§ What is needed
Repeat all of the data precisely.

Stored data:

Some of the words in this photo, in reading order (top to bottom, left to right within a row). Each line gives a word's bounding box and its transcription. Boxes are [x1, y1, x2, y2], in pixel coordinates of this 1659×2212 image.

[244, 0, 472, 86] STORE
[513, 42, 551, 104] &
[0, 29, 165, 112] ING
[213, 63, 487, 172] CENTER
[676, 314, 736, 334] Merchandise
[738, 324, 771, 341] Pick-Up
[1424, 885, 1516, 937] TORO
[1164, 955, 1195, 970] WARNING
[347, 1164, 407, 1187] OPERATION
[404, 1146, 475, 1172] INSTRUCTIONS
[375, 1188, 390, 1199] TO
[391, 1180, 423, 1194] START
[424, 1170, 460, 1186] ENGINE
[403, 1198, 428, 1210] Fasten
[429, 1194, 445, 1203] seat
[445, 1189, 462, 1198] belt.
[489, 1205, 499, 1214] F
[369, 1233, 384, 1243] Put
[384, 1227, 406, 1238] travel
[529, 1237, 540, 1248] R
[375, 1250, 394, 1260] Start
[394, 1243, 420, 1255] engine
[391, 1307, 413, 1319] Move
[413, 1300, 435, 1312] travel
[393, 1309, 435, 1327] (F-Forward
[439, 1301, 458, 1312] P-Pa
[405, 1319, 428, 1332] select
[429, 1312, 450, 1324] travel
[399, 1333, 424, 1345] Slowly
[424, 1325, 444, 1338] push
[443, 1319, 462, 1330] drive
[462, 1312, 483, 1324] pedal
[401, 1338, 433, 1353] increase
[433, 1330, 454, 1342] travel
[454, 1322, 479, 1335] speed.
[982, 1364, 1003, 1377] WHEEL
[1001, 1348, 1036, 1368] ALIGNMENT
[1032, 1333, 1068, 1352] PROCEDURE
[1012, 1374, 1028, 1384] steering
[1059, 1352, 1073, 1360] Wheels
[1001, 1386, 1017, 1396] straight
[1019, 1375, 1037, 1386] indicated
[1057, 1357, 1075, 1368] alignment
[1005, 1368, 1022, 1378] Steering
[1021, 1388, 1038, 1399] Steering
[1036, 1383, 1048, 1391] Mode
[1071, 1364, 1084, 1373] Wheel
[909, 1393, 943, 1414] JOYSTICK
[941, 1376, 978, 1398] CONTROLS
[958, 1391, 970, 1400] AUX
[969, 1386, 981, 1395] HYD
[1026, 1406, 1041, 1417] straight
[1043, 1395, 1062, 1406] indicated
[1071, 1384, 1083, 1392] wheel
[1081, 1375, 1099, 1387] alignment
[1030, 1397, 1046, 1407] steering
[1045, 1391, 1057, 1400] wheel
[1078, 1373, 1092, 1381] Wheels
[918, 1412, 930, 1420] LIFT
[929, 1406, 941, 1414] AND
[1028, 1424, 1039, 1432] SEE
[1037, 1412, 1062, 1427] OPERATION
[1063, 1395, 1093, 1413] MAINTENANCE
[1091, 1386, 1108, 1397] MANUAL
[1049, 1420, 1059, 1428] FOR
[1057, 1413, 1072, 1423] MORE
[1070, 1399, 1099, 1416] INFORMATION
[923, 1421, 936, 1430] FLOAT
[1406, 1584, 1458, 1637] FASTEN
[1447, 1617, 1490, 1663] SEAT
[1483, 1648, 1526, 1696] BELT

§ Response to this task
Some of the words in this photo, in reading order (top to bottom, left to right within a row). Each line gives a word's bounding box and its transcription. Boxes are [x1, y1, x2, y2], in pixel coordinates of this 1659×2212 image.

[244, 0, 472, 86] STORE
[513, 42, 551, 104] &
[0, 29, 165, 112] ING
[213, 63, 487, 172] CENTER
[676, 314, 736, 334] Merchandise
[738, 324, 771, 341] Pick-Up
[1424, 885, 1516, 937] TORO
[1164, 955, 1195, 970] WARNING
[347, 1164, 407, 1187] OPERATION
[404, 1146, 475, 1172] INSTRUCTIONS
[375, 1188, 390, 1199] TO
[391, 1180, 423, 1194] START
[424, 1170, 460, 1186] ENGINE
[403, 1198, 428, 1210] Fasten
[429, 1194, 445, 1203] seat
[445, 1189, 462, 1198] belt.
[489, 1205, 499, 1214] F
[369, 1233, 384, 1243] Put
[384, 1227, 406, 1238] travel
[529, 1237, 540, 1248] R
[375, 1250, 394, 1260] Start
[394, 1243, 420, 1255] engine
[391, 1307, 413, 1319] Move
[413, 1300, 435, 1312] travel
[393, 1309, 435, 1327] (F-Forward
[439, 1301, 458, 1312] P-Pa
[405, 1319, 428, 1332] select
[429, 1312, 450, 1324] travel
[399, 1333, 424, 1345] Slowly
[424, 1325, 444, 1338] push
[443, 1319, 462, 1330] drive
[462, 1312, 483, 1324] pedal
[401, 1338, 433, 1353] increase
[433, 1330, 454, 1342] travel
[454, 1322, 479, 1335] speed.
[982, 1364, 1003, 1377] WHEEL
[1001, 1348, 1036, 1368] ALIGNMENT
[1032, 1333, 1068, 1352] PROCEDURE
[1012, 1374, 1028, 1384] steering
[1059, 1352, 1073, 1360] Wheels
[1001, 1386, 1017, 1396] straight
[1019, 1375, 1037, 1386] indicated
[1057, 1357, 1075, 1368] alignment
[1005, 1368, 1022, 1378] Steering
[1021, 1388, 1038, 1399] Steering
[1036, 1383, 1048, 1391] Mode
[1071, 1364, 1084, 1373] Wheel
[909, 1393, 943, 1414] JOYSTICK
[941, 1376, 978, 1398] CONTROLS
[958, 1391, 970, 1400] AUX
[969, 1386, 981, 1395] HYD
[1026, 1406, 1041, 1417] straight
[1043, 1395, 1062, 1406] indicated
[1071, 1384, 1083, 1392] wheel
[1081, 1375, 1099, 1387] alignment
[1030, 1397, 1046, 1407] steering
[1045, 1391, 1057, 1400] wheel
[1078, 1373, 1092, 1381] Wheels
[918, 1412, 930, 1420] LIFT
[929, 1406, 941, 1414] AND
[1028, 1424, 1039, 1432] SEE
[1037, 1412, 1062, 1427] OPERATION
[1063, 1395, 1093, 1413] MAINTENANCE
[1091, 1386, 1108, 1397] MANUAL
[1049, 1420, 1059, 1428] FOR
[1057, 1413, 1072, 1423] MORE
[1070, 1399, 1099, 1416] INFORMATION
[923, 1421, 936, 1430] FLOAT
[1406, 1584, 1458, 1637] FASTEN
[1447, 1617, 1490, 1663] SEAT
[1483, 1648, 1526, 1696] BELT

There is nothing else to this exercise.